* Task directions: Omit all pictures, then retype the data exactly as given.

*** Records to use

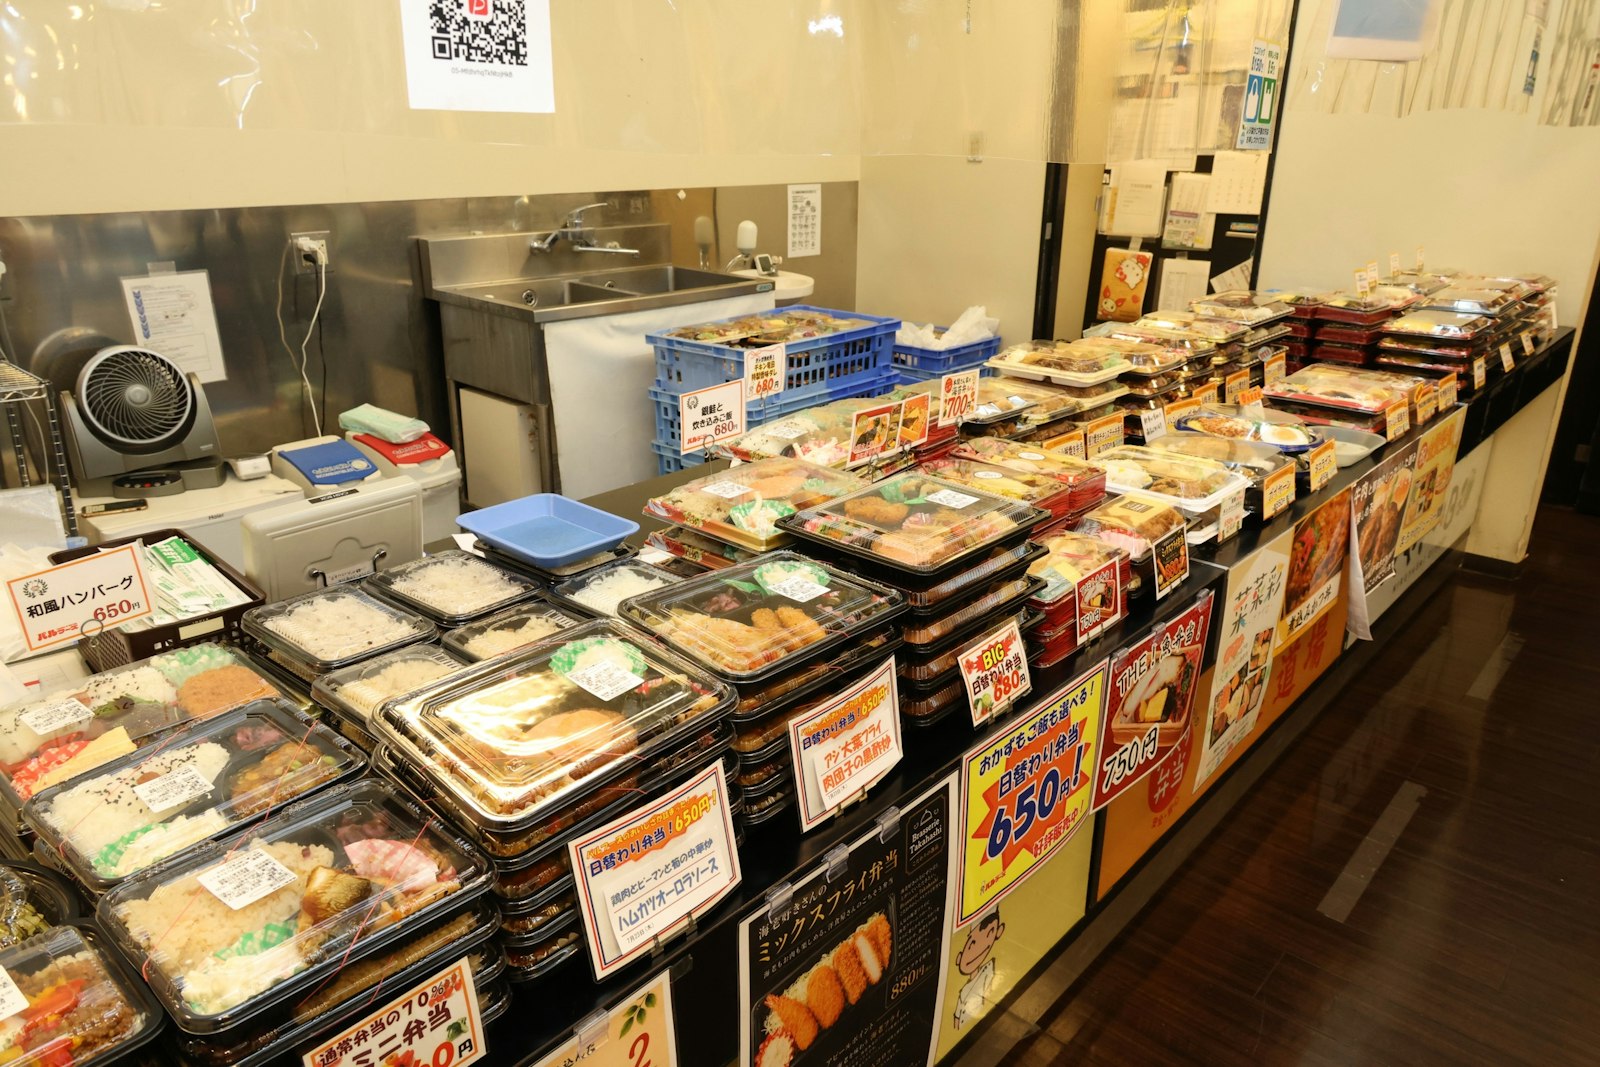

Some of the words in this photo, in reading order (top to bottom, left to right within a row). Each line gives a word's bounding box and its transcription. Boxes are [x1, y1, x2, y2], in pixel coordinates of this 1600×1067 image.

[755, 377, 780, 394] 680円
[691, 410, 733, 431] 炊き込みご飯
[714, 420, 738, 436] 680円
[26, 575, 134, 619] 和風ハンバーグ
[93, 600, 141, 622] 650円
[972, 652, 1022, 696] 日替わり弁当
[981, 643, 1005, 670] BIG
[993, 669, 1026, 702] 680円
[824, 719, 882, 769] アジ大葉フライ
[978, 680, 1096, 777] おかずもご飯も選べる!
[822, 734, 892, 793] 肉団子の黒酢炒
[998, 722, 1080, 799] 日替わり弁当
[1102, 723, 1160, 794] 750円
[909, 827, 943, 855] Takahashi
[911, 818, 941, 843] Brasserie
[1032, 799, 1085, 857] 好評販売中!
[618, 857, 719, 932] ハムカツオーロラソース
[758, 849, 899, 963] ミックスフライ弁当
[890, 967, 925, 1000] 880円
[352, 1001, 452, 1067] ミニ弁当
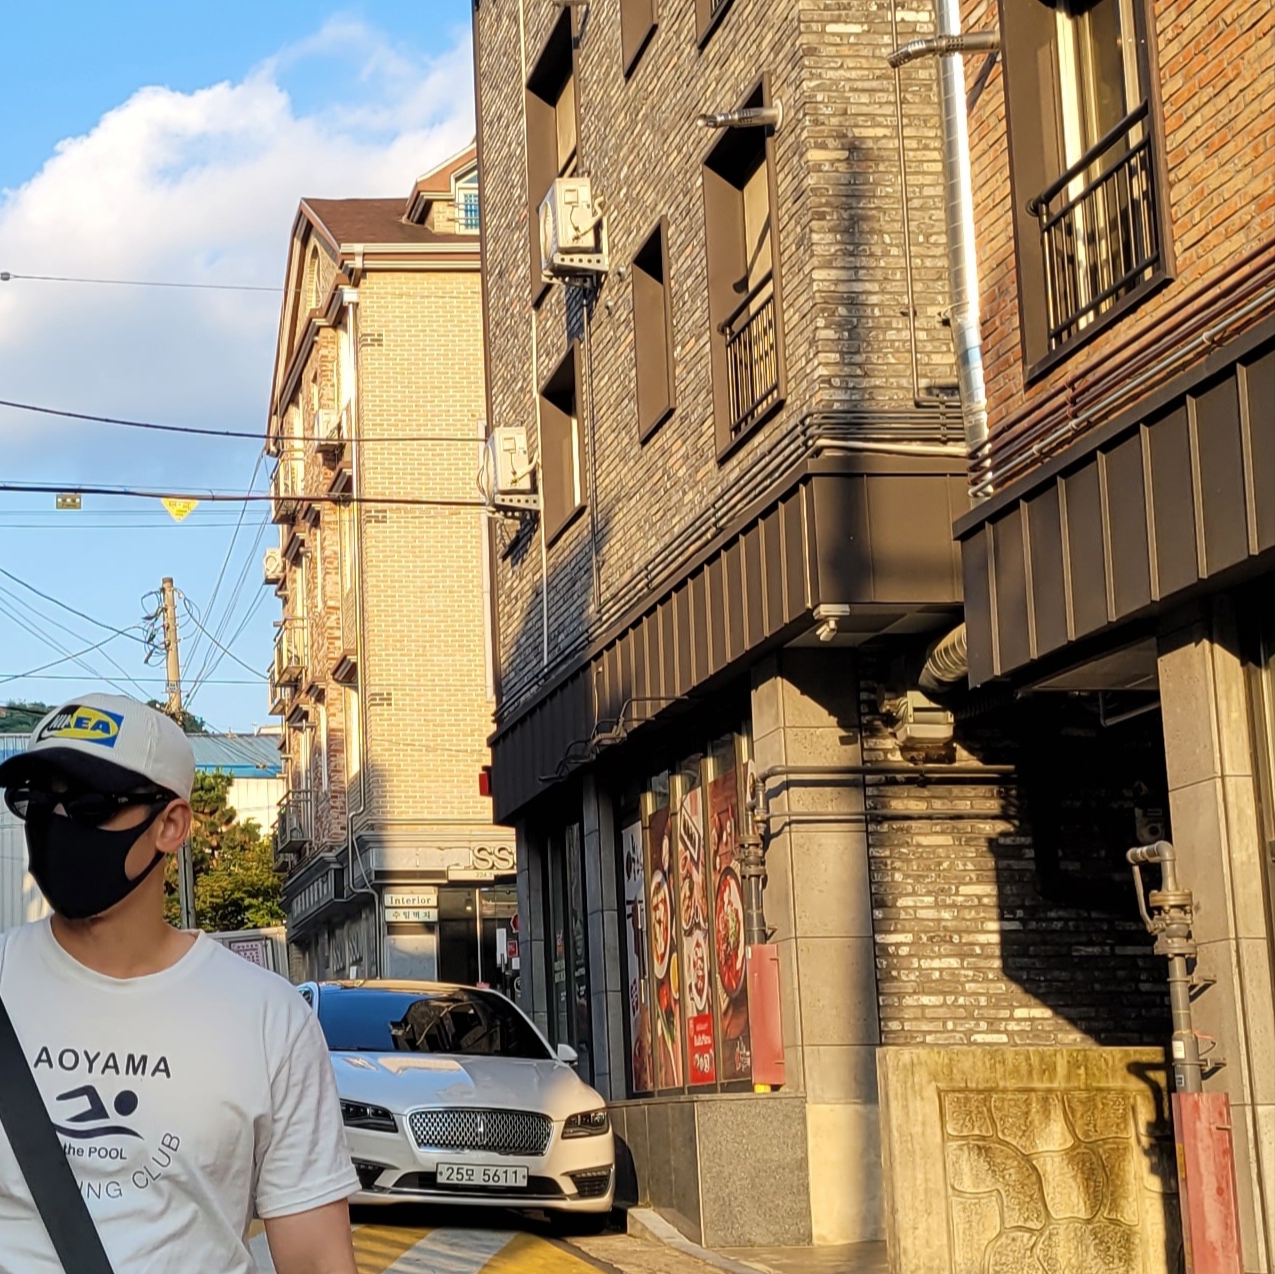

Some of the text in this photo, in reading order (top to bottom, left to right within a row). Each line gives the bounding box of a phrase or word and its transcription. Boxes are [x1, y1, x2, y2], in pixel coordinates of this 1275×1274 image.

******

* Answer to this exercise:
Some of the words in this photo, in reading order (top to bottom, left to right within a row). Each line gives a word's bounding box and its transcription. Boxes are [x1, y1, x2, y2], in pixel coordinates of this 1600×1067 image.

[755, 377, 780, 394] 680円
[691, 410, 733, 431] 炊き込みご飯
[714, 420, 738, 436] 680円
[26, 575, 134, 619] 和風ハンバーグ
[93, 600, 141, 622] 650円
[972, 652, 1022, 696] 日替わり弁当
[981, 643, 1005, 670] BIG
[993, 669, 1026, 702] 680円
[824, 719, 882, 769] アジ大葉フライ
[978, 680, 1096, 777] おかずもご飯も選べる!
[822, 734, 892, 793] 肉団子の黒酢炒
[998, 722, 1080, 799] 日替わり弁当
[1102, 723, 1160, 794] 750円
[909, 827, 943, 855] Takahashi
[911, 818, 941, 843] Brasserie
[1032, 799, 1085, 857] 好評販売中!
[618, 857, 719, 932] ハムカツオーロラソース
[758, 849, 899, 963] ミックスフライ弁当
[890, 967, 925, 1000] 880円
[352, 1001, 452, 1067] ミニ弁当

Some of the text in this photo, in reading order (top to bottom, left to right within a row). Each line gives the bounding box of a phrase or word and its transcription. Boxes are [x1, y1, x2, y2], in pixel coordinates of this 1275×1274 image.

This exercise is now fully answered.